-- Input material follows --
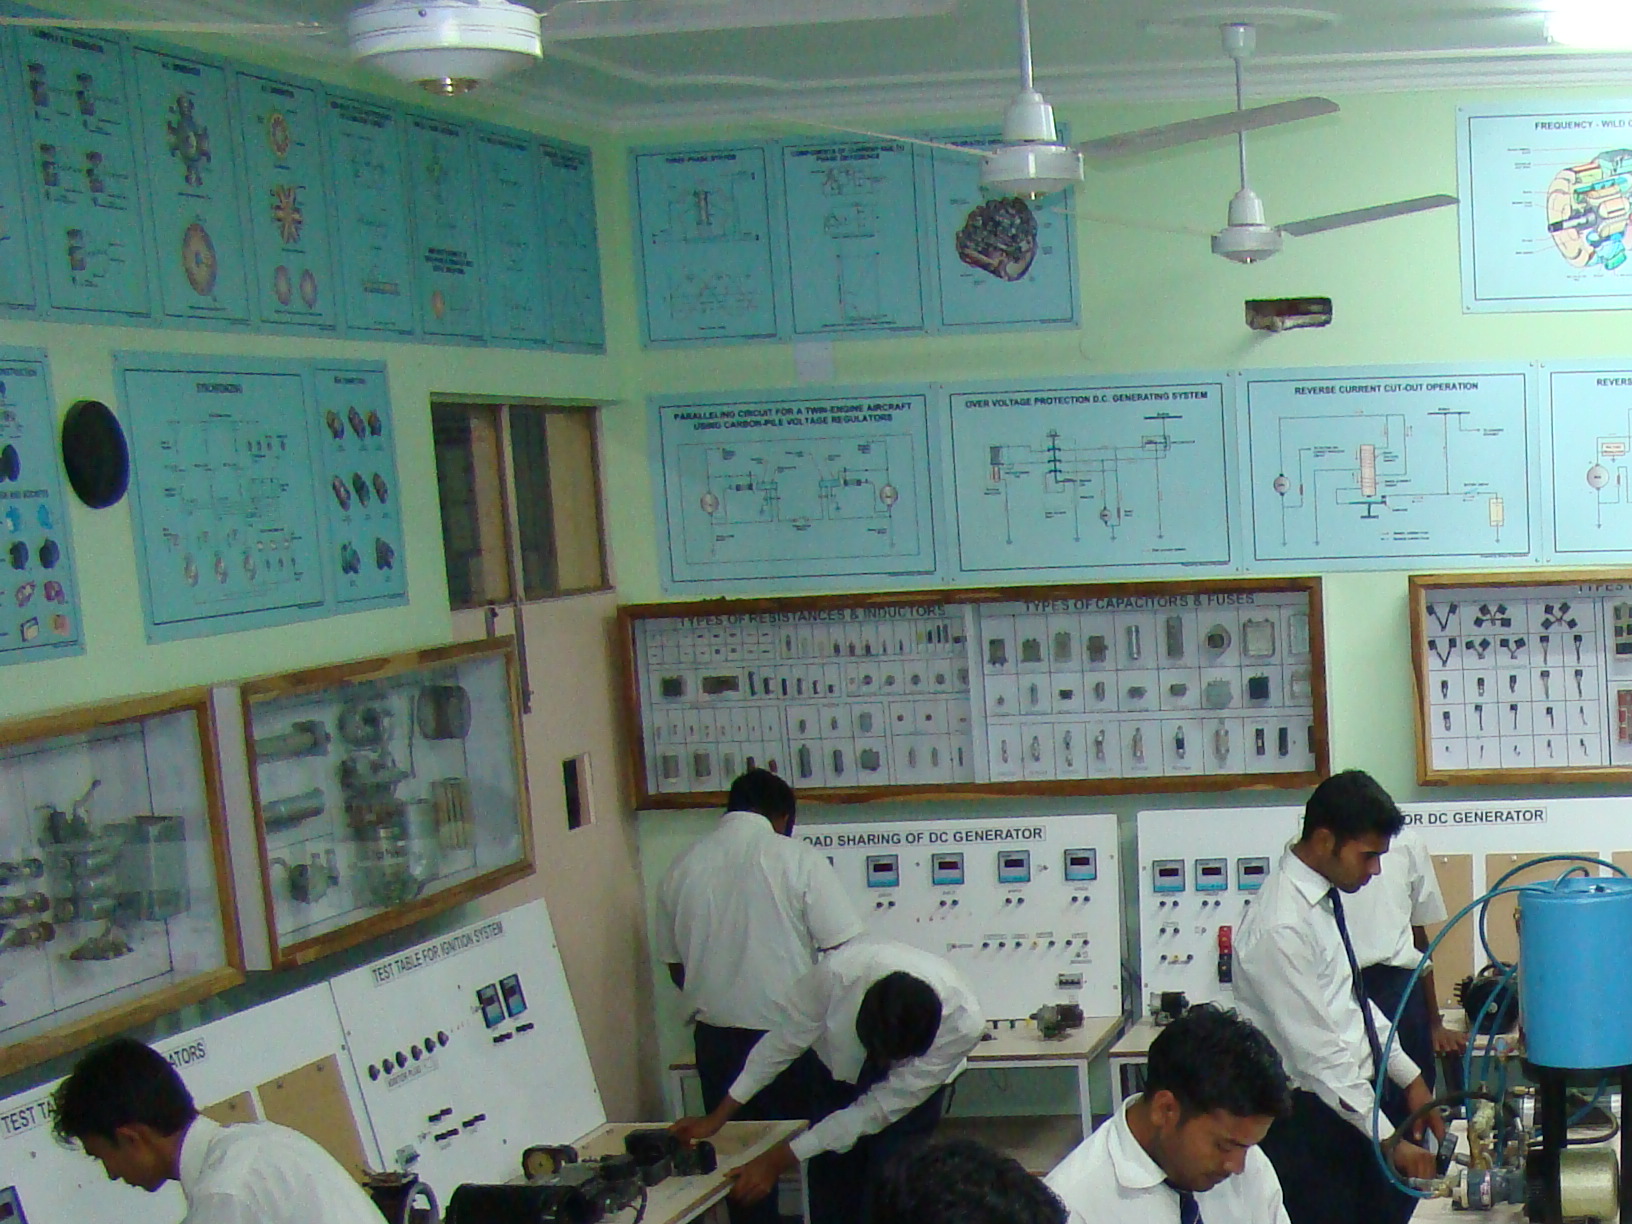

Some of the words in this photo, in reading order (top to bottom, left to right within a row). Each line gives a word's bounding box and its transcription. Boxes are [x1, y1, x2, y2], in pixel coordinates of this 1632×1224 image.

[1535, 121, 1593, 131] FREQUENCY
[1601, 119, 1625, 128] WILD
[1294, 386, 1337, 395] REVERSE
[1338, 385, 1381, 394] CURRENT
[1383, 383, 1423, 393] CUT-OUT
[1425, 382, 1479, 392] OPERATION
[965, 399, 990, 409] OVER
[991, 398, 1033, 408] VOLTAGE
[1034, 396, 1090, 406] PROTECTION
[1112, 392, 1170, 403] GENERATING
[1172, 391, 1209, 401] SYSTEM
[775, 407, 794, 417] FOR
[867, 402, 912, 412] AIRCRAFT
[786, 416, 829, 426] VOLTAGE
[1025, 600, 1069, 613] TYPES
[1074, 599, 1091, 611] OF
[1095, 596, 1191, 611] CAPACITORS
[1194, 595, 1203, 607] &
[1207, 592, 1255, 607] FUSES
[680, 612, 724, 628] TYPES
[728, 612, 748, 626] OF
[750, 608, 846, 625] RESISTANCES
[850, 608, 859, 620] &
[863, 604, 947, 620] INDUCTORS
[1403, 813, 1424, 826] OR
[1427, 812, 1449, 825] DC
[1453, 809, 1544, 824] GENERATOR
[837, 832, 901, 846] SHARING
[905, 831, 925, 845] OF
[928, 830, 950, 844] DC
[953, 827, 1043, 843] GENERATOR
[372, 963, 395, 983] TEST
[394, 952, 423, 974] TABLE
[421, 945, 441, 962] FOR
[440, 934, 475, 956] IGNITION
[473, 920, 504, 943] SYSTEM
[1, 1106, 37, 1135] TEST
-- Input material concluded --
▸ About this exercise: For this exercise, return the records above in full and exactly, omitting the images.

▸ Solution:
Some of the words in this photo, in reading order (top to bottom, left to right within a row). Each line gives a word's bounding box and its transcription. Boxes are [x1, y1, x2, y2], in pixel coordinates of this 1632×1224 image.

[1535, 121, 1593, 131] FREQUENCY
[1601, 119, 1625, 128] WILD
[1294, 386, 1337, 395] REVERSE
[1338, 385, 1381, 394] CURRENT
[1383, 383, 1423, 393] CUT-OUT
[1425, 382, 1479, 392] OPERATION
[965, 399, 990, 409] OVER
[991, 398, 1033, 408] VOLTAGE
[1034, 396, 1090, 406] PROTECTION
[1112, 392, 1170, 403] GENERATING
[1172, 391, 1209, 401] SYSTEM
[775, 407, 794, 417] FOR
[867, 402, 912, 412] AIRCRAFT
[786, 416, 829, 426] VOLTAGE
[1025, 600, 1069, 613] TYPES
[1074, 599, 1091, 611] OF
[1095, 596, 1191, 611] CAPACITORS
[1194, 595, 1203, 607] &
[1207, 592, 1255, 607] FUSES
[680, 612, 724, 628] TYPES
[728, 612, 748, 626] OF
[750, 608, 846, 625] RESISTANCES
[850, 608, 859, 620] &
[863, 604, 947, 620] INDUCTORS
[1403, 813, 1424, 826] OR
[1427, 812, 1449, 825] DC
[1453, 809, 1544, 824] GENERATOR
[837, 832, 901, 846] SHARING
[905, 831, 925, 845] OF
[928, 830, 950, 844] DC
[953, 827, 1043, 843] GENERATOR
[372, 963, 395, 983] TEST
[394, 952, 423, 974] TABLE
[421, 945, 441, 962] FOR
[440, 934, 475, 956] IGNITION
[473, 920, 504, 943] SYSTEM
[1, 1106, 37, 1135] TEST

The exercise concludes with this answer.